I turn to Dominic Pettman’s excellent and underread Infinite Distraction (ID):
“Hypermodulation [is] the attempt to distract us from the fact that we are being synchronized to an unprecedented degree.” (ID)
‘Synchronisation’ is the mass homogenising of political will; while politics may be increasingly polarised, each pole is more uniform and uninspired than ever.
Not only do the content creators furtively instil you with the desire to buy their Partnered Product of choice, they generate a loop of infinite distraction that makes political action nigh on impossible…
“Break[ing] habits of thinking, being, and acting, which themselves have worked in tandem to foreclose new opportunities.” (ID)
The emergence of the Apple Vision Pro — and ‘VR’ writ large — is the next dystopic step in this process.
Not only is the same content endlessly modulated across platforms but a personalised feed of that content is distributed via a technology that collapses the plane on which political action used to take place…
And will eventually nullify the need to interact with that bricks-and-mortar reality at all. The much-memed notion of “locking in” actually serves to “lock in” one (terrible) political reality.
Reverse-Sync
I never want OOJ to become a forum for negative criticism only; we try to proffer solutions, even if said solutions are far bigger than this blog alone…
I don’t believe in the notion of unplugging. As discussed back in OOJ #1, the master’s tools will have to be used to destroy the master’s house, at least in part.
Pettman explains:
“As seductive as the notion of unplugging is, along with calls for a ‘slow thought’ movement, such notions can only function as the Romantic shadow to the cynical hijacking of technics by those deeply invested in what Steven Shaviro calls ‘plundernomics’.” (ID)
I’m more inclined towards re-synchronisation. The same technologies used to lull us into inaction could be the same technologies that awaken us from our stupor, instead inspiring a class consciousness for the cloud.
Pettman again:
“Synchronization is [only] an issue when it means the capacity to think, act, and be otherwise atrophies. But synchronization is to be welcomed, and produced, when it works against what Giroux calls ‘the disimagination machine’.” (ID)
That is, when it can be deployed against the “channelling of focus away from injustice, inequality, corruption, and exploitation.”

But how do we do this?
Especially in our situation where the platforms are so pervasive that there seem to be no legitimate means for communicating and coalescing outside of them…
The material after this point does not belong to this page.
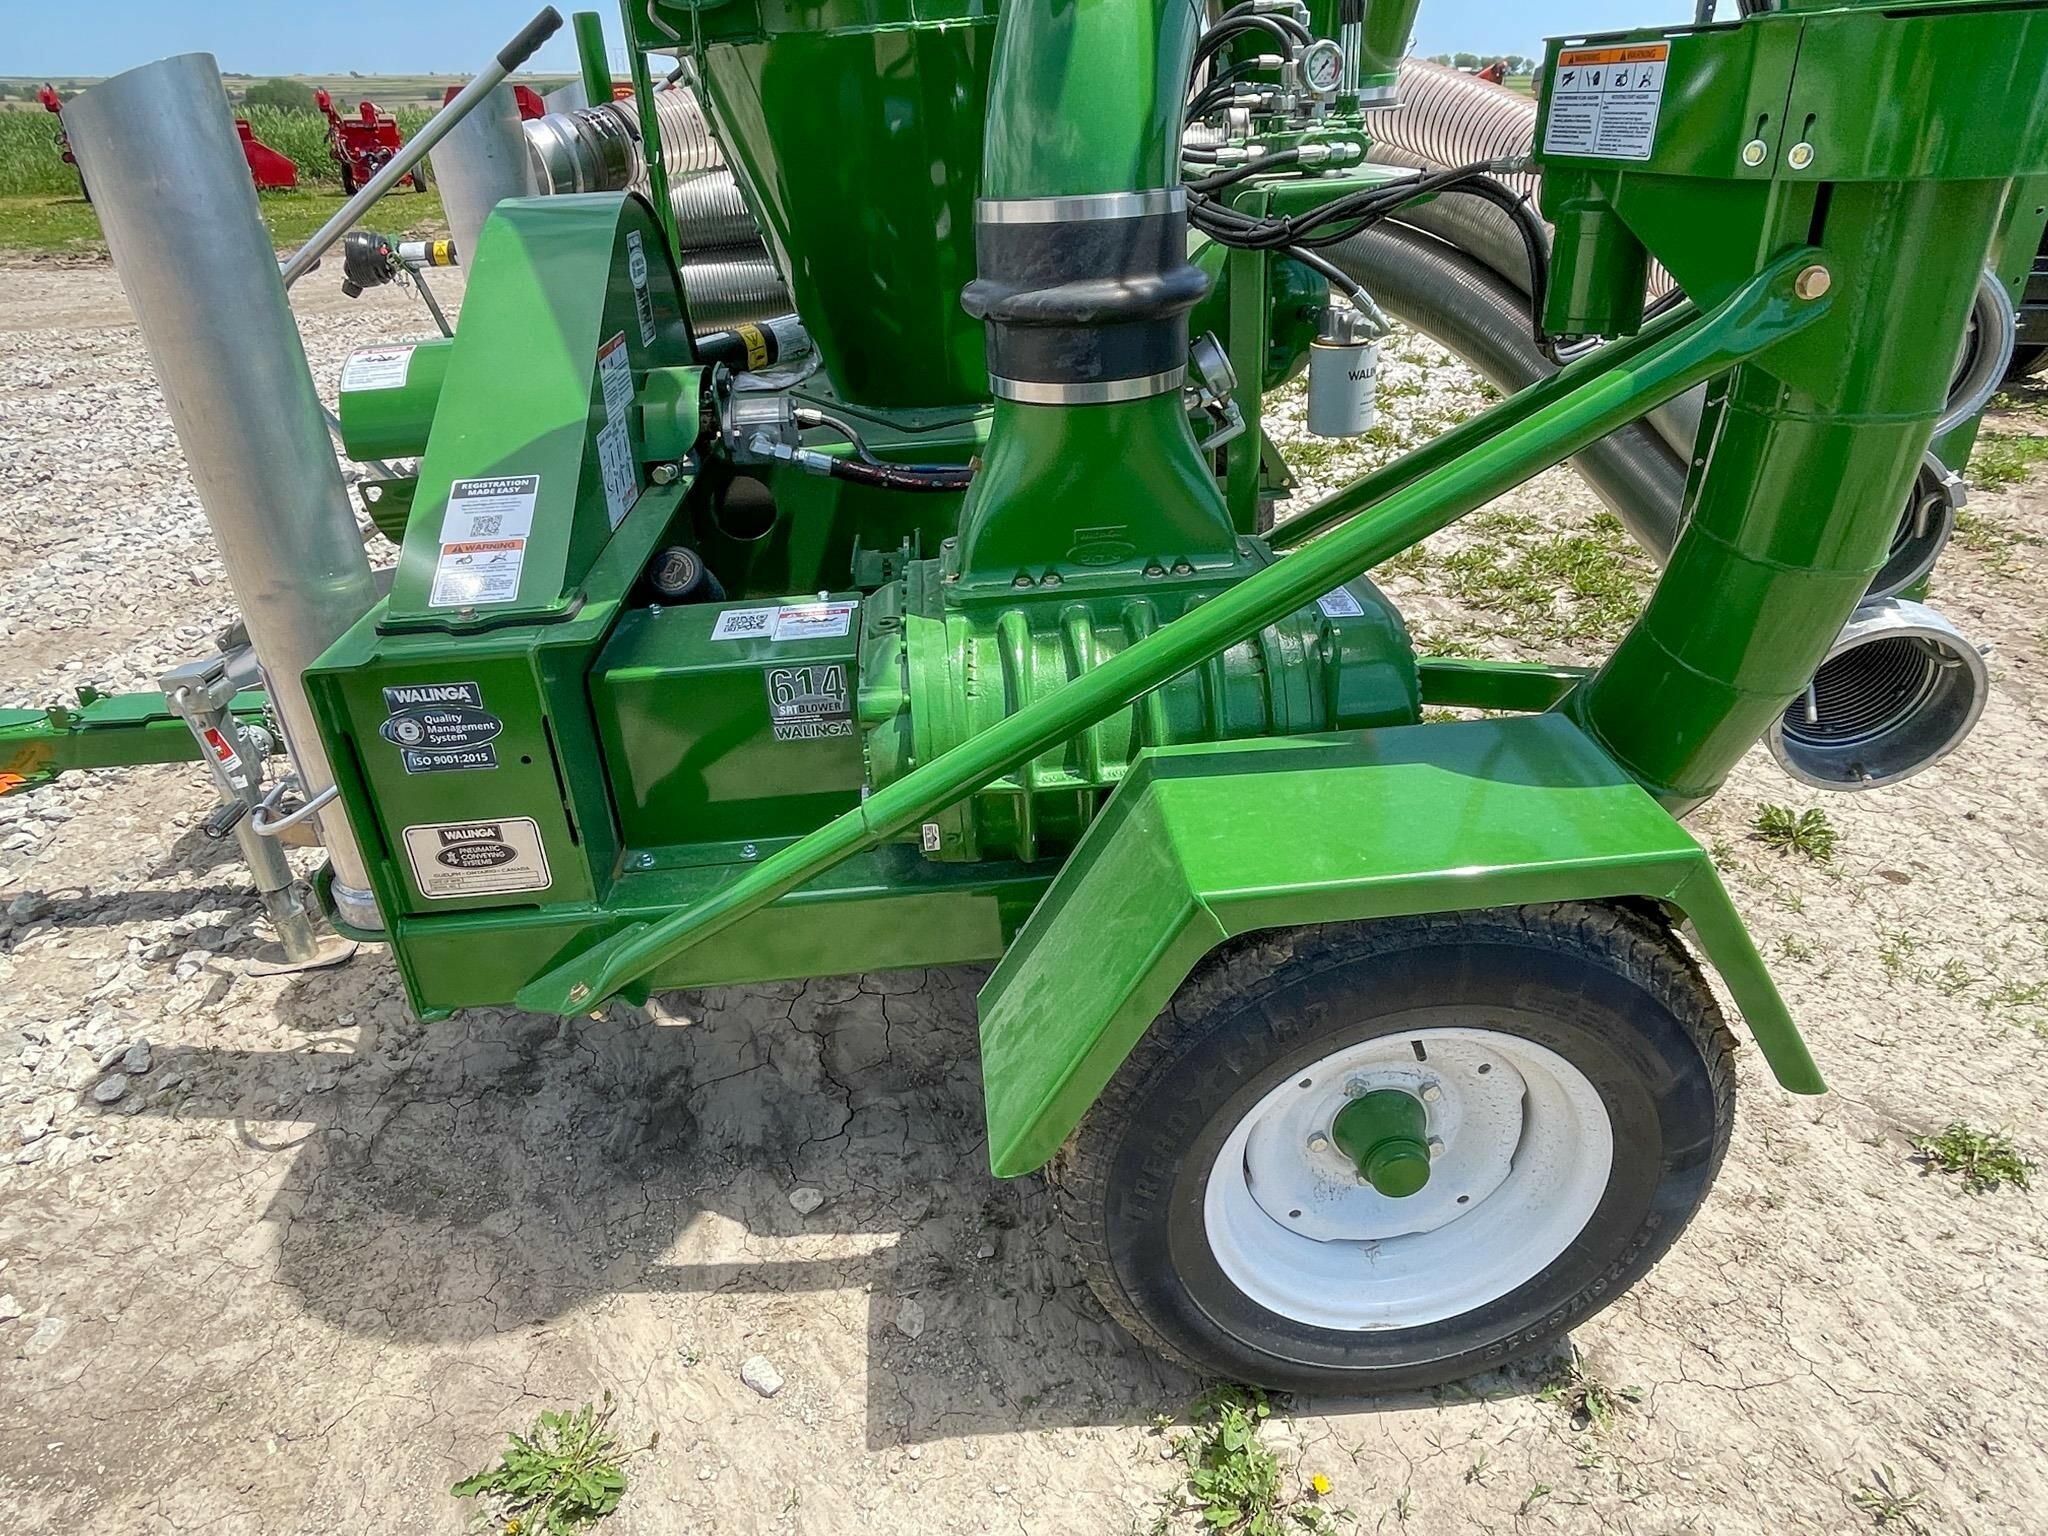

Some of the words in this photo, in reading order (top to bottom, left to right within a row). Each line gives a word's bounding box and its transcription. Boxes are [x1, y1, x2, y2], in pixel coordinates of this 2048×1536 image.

A cloud for the commons is one idea: “creating software held in common and in the commons […] along with a host of site- or event-specific interventions or subventions”.
Pettman ends with a clever gag about the (then brand new) Apple Watch:
“The challenge is all the greater, however, to synchronize our watches now that we tell time by smartphone, or by Apple’s latest timepiece.” (ID)
Now the same question must be asked in light of new technologies:
How can we expand the Overton Window through which we look, the political horizons onto which we gaze, through a $3,500 pair of Apple-tinted glasses?